Once back in the Xterra, Gordon called AJ.
“How dumbly have you been acting?”
“Relax, AJ, I keep my ass lined in fireproof silk. I’ve just sent you a sample of shit and blood. I need DNA, blood type, the works.”
“That’s gross even for me. What makes you think the DNA is significant?”
“Whoever prepared it only had an hour to concoct and apply it. That means they probably had to use their own blood. It’s a long shot, but pay one of our rent-a-cops to run the information through their files.”
“Charming. Okay. There was nothing left for David to do, so I took him back off the clock. Any luck finding that woman’s laptop?”
“Her name was Judy, AJ. And no, not yet. I’ve ID’d Judy and a woman named Helen Connelley as receiving the goodies in St. Johnsbury.”
“The FedEx clerk?”
“Yeah. Greed and boredom are so wonderfully predictable. They would’ve used the same fake names for shipments to Barre.”
“You’ve been busy. Stay close to your truck and cell phone so I can track you if I have to.”

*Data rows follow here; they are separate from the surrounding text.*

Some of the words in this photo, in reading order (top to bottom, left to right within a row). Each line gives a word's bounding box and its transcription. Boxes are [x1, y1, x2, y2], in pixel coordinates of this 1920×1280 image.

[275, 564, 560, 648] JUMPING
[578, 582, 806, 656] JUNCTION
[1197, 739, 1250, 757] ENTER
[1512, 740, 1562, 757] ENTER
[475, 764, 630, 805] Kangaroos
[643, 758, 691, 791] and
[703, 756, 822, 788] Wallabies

“Nag, nag. Good night, AJ.”
Gordon’s next call was to St. Eulalia. “Father? My name is Dexter. I believe the bishop’s office has been in touch? Good. No, I’m sorry, but no questions, please. Would it be all right if I stopped by in fifteen minutes to pick up those items? Eximius est. See you then.”

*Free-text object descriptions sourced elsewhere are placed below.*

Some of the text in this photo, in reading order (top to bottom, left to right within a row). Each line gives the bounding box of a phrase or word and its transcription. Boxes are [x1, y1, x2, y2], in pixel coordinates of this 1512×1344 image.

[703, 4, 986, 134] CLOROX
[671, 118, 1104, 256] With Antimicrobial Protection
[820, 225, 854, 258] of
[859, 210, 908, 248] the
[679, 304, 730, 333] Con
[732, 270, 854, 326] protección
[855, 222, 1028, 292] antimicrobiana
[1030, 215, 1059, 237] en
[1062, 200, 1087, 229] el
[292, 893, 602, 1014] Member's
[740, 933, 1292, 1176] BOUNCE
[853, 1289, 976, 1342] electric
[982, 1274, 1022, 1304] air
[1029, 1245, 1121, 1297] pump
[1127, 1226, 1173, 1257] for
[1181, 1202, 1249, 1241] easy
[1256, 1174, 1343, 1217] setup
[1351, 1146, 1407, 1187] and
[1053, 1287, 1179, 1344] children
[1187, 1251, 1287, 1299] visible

The parish priest, Francois Bertrand, had some used half-gallon plastic bottles for the holy water and set them inside a cardboard box. Gordon poured some of the holy water into an inscribed ceramic flask, and placed several of the hosts inside a similarly inscribed silver case. He had a vagrant memory of having to borrow an empty wine bottle so he could fill it with water from the spring at Lourdes.
After making a healthy donation to the parish, he asked for a favor. “Francois, I’m moving around a lot. I need a place to store the water and hosts. The best place for consecrated materials like this, I think, would be one of the vestment lockers in the sacristy, but I’d need to have a key to the side door so I could retrieve the material when I needed it. Would that be possible?”
Father Bertrand openly studied him. “His eminence said you were a shifty type, but that you could be trusted and that your work was serious. Professional courtesy, I guess. I’ll do it.”
Gordon sincerely thanked him and left. Nothing like having a stash on consecrated ground. “One more thing, Father. Did you hear about the LaChapelle baby?”
“Yes. A terrible, terrible thing.”
“Are the mother and father parishioners?”
“The mother used to be, as a child. She had the child out of wedlock, and the father’s long gone.”
“Was the baby baptized?”
“No. I was hoping to see her and encourage her to have the baptism performed.”
“Bad luck all around. Would it be all right if I spent a few minutes in the church?”
“Of course.”
The church was very like the church of his youth: stained-glass windows with leaded panes, regimented wooden pews facing front, realistic and mildly gruesome stations of the cross. Gordon sat in one of the pews but didn’t kneel. He knew he was there on sufferance. He asked not for reacceptance but for help in saving a life and removing an evil.
Once back on the road his body told him that his mainspring was badly over-wound. He urgently needed sleep, but took his time getting back. On the way into town, he’d noticed a cop lurking just off a wide-open stretch of road and, on the way back out, he held the SUV to the legal limit, disappointing the still-skulking cop. He saw the smoke backlit by the night sky just before he got to the general store.